# Exercise brief
Search the entries below for the line containing "this 1861×1462 image."; from there to the end, return every line exactly and add nothing.

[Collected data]
--- START ---
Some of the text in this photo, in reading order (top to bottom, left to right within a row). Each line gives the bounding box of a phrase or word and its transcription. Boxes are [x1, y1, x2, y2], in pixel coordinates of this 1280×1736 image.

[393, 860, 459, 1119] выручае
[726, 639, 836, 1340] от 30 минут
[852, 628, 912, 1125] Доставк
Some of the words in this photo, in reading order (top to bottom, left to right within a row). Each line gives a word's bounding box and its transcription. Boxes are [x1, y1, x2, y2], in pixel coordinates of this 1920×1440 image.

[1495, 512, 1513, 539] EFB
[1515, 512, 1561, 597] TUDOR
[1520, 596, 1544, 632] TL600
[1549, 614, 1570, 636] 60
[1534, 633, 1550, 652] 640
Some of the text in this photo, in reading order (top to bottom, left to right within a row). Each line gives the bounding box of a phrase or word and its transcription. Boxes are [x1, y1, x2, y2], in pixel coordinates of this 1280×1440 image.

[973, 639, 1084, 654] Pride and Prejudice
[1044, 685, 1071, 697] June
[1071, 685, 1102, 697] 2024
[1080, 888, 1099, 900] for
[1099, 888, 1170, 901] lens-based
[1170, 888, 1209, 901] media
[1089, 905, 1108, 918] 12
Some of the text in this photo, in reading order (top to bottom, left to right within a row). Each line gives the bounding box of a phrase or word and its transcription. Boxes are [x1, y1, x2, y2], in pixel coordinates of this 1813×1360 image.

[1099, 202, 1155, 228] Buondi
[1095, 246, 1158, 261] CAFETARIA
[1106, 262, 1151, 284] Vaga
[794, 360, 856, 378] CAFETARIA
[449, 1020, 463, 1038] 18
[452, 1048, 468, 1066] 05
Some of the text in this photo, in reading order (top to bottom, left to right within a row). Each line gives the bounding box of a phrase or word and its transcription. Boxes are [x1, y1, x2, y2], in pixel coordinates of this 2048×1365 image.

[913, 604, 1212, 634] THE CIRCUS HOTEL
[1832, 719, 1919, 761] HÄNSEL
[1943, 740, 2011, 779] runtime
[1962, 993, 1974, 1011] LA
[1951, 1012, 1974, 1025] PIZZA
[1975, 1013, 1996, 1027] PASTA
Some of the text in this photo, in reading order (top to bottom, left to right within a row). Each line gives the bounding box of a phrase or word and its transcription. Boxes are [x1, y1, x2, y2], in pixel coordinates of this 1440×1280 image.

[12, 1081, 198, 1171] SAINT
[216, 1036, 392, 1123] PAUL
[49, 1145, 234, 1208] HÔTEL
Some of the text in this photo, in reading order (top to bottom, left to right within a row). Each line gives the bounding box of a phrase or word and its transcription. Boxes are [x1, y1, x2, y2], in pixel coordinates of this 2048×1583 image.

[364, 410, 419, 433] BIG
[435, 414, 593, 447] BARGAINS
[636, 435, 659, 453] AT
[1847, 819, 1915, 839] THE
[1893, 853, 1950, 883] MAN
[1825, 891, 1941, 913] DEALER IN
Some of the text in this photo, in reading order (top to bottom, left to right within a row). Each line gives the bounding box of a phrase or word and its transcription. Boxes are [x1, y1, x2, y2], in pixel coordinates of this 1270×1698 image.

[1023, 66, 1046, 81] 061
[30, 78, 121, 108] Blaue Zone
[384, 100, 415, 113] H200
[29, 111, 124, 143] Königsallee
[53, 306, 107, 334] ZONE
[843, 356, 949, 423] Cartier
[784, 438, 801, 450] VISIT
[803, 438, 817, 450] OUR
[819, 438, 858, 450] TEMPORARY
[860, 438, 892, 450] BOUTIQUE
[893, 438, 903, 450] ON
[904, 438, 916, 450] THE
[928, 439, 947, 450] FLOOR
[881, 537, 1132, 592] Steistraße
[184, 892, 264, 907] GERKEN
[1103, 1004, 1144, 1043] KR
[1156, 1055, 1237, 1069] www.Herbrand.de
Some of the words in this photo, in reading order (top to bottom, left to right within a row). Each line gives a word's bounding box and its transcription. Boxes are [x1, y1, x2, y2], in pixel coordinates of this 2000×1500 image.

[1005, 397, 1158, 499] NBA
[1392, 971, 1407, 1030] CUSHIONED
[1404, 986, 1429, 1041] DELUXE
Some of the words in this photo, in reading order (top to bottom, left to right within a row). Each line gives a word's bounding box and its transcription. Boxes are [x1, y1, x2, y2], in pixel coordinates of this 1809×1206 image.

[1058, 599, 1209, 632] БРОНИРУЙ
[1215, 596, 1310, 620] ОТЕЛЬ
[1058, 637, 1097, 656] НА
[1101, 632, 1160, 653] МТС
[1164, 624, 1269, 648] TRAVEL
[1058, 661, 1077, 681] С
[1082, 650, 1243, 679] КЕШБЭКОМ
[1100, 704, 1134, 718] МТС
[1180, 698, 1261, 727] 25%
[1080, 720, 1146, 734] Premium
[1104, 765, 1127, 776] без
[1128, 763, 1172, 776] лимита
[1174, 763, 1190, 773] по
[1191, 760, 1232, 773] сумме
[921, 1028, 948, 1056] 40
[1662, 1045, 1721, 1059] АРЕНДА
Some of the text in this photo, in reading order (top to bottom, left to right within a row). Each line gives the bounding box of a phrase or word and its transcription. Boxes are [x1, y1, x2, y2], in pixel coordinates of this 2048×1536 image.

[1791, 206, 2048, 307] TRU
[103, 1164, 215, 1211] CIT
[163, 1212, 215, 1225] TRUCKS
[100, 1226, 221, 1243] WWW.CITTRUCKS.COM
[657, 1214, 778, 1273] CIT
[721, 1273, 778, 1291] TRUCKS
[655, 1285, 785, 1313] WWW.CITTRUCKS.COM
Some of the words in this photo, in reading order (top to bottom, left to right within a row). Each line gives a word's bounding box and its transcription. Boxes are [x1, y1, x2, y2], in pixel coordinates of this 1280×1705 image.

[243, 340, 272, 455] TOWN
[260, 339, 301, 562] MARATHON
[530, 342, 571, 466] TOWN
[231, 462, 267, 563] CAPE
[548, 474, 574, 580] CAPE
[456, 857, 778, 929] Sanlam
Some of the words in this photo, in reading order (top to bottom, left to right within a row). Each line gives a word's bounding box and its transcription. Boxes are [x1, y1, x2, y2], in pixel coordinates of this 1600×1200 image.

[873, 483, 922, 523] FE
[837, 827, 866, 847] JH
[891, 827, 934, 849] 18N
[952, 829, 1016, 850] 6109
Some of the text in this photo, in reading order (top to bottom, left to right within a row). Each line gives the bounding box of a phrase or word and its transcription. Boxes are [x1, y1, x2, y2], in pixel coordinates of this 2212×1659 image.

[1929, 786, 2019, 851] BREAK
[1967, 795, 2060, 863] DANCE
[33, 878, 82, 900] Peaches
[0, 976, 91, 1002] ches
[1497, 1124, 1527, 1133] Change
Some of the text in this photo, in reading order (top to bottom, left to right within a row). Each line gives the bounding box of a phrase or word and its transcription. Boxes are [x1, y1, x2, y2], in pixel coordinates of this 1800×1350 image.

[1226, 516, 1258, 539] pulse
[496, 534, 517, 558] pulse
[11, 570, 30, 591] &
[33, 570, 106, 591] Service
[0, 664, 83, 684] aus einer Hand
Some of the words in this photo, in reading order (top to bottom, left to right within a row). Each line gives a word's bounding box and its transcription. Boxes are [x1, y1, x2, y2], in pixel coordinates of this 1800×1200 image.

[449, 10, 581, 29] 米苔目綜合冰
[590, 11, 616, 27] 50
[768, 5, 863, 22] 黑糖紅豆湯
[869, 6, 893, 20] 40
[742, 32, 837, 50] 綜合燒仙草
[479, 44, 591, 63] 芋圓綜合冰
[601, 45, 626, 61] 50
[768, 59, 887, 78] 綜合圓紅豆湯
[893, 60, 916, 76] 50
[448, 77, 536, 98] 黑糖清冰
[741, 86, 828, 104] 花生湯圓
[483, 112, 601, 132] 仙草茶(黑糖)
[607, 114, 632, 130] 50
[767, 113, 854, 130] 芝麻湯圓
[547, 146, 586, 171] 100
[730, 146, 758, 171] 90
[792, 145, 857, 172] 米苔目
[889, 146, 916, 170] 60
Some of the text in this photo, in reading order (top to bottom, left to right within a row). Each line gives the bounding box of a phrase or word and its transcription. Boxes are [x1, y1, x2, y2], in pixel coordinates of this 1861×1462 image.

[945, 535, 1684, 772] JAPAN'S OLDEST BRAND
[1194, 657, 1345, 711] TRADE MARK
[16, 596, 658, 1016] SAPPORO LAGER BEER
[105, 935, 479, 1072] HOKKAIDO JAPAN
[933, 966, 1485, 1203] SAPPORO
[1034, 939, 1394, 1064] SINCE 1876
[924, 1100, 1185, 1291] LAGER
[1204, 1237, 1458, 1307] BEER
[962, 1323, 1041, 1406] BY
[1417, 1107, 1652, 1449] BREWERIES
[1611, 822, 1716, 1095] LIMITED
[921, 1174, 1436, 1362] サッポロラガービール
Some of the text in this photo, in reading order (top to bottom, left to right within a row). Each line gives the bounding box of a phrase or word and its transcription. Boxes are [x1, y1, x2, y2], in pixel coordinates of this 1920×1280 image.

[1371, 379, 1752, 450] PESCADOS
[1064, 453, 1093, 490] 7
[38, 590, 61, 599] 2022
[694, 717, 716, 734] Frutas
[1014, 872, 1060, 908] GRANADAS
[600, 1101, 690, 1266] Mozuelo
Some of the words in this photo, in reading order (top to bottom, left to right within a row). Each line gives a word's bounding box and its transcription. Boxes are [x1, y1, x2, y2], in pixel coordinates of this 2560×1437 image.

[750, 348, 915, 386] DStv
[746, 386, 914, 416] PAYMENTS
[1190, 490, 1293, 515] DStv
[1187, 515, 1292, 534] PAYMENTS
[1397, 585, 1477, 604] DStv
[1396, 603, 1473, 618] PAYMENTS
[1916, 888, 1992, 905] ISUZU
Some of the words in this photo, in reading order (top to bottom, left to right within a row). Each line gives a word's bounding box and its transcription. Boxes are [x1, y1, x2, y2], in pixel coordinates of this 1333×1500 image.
--- END ---
# Solution
Some of the text in this photo, in reading order (top to bottom, left to right within a row). Each line gives the bounding box of a phrase or word and its transcription. Boxes are [x1, y1, x2, y2], in pixel coordinates of this 1861×1462 image.

[945, 535, 1684, 772] JAPAN'S OLDEST BRAND
[1194, 657, 1345, 711] TRADE MARK
[16, 596, 658, 1016] SAPPORO LAGER BEER
[105, 935, 479, 1072] HOKKAIDO JAPAN
[933, 966, 1485, 1203] SAPPORO
[1034, 939, 1394, 1064] SINCE 1876
[924, 1100, 1185, 1291] LAGER
[1204, 1237, 1458, 1307] BEER
[962, 1323, 1041, 1406] BY
[1417, 1107, 1652, 1449] BREWERIES
[1611, 822, 1716, 1095] LIMITED
[921, 1174, 1436, 1362] サッポロラガービール
Some of the text in this photo, in reading order (top to bottom, left to right within a row). Each line gives the bounding box of a phrase or word and its transcription. Boxes are [x1, y1, x2, y2], in pixel coordinates of this 1920×1280 image.

[1371, 379, 1752, 450] PESCADOS
[1064, 453, 1093, 490] 7
[38, 590, 61, 599] 2022
[694, 717, 716, 734] Frutas
[1014, 872, 1060, 908] GRANADAS
[600, 1101, 690, 1266] Mozuelo
Some of the words in this photo, in reading order (top to bottom, left to right within a row). Each line gives a word's bounding box and its transcription. Boxes are [x1, y1, x2, y2], in pixel coordinates of this 2560×1437 image.

[750, 348, 915, 386] DStv
[746, 386, 914, 416] PAYMENTS
[1190, 490, 1293, 515] DStv
[1187, 515, 1292, 534] PAYMENTS
[1397, 585, 1477, 604] DStv
[1396, 603, 1473, 618] PAYMENTS
[1916, 888, 1992, 905] ISUZU
Some of the words in this photo, in reading order (top to bottom, left to right within a row). Each line gives a word's bounding box and its transcription. Boxes are [x1, y1, x2, y2], in pixel coordinates of this 1333×1500 image.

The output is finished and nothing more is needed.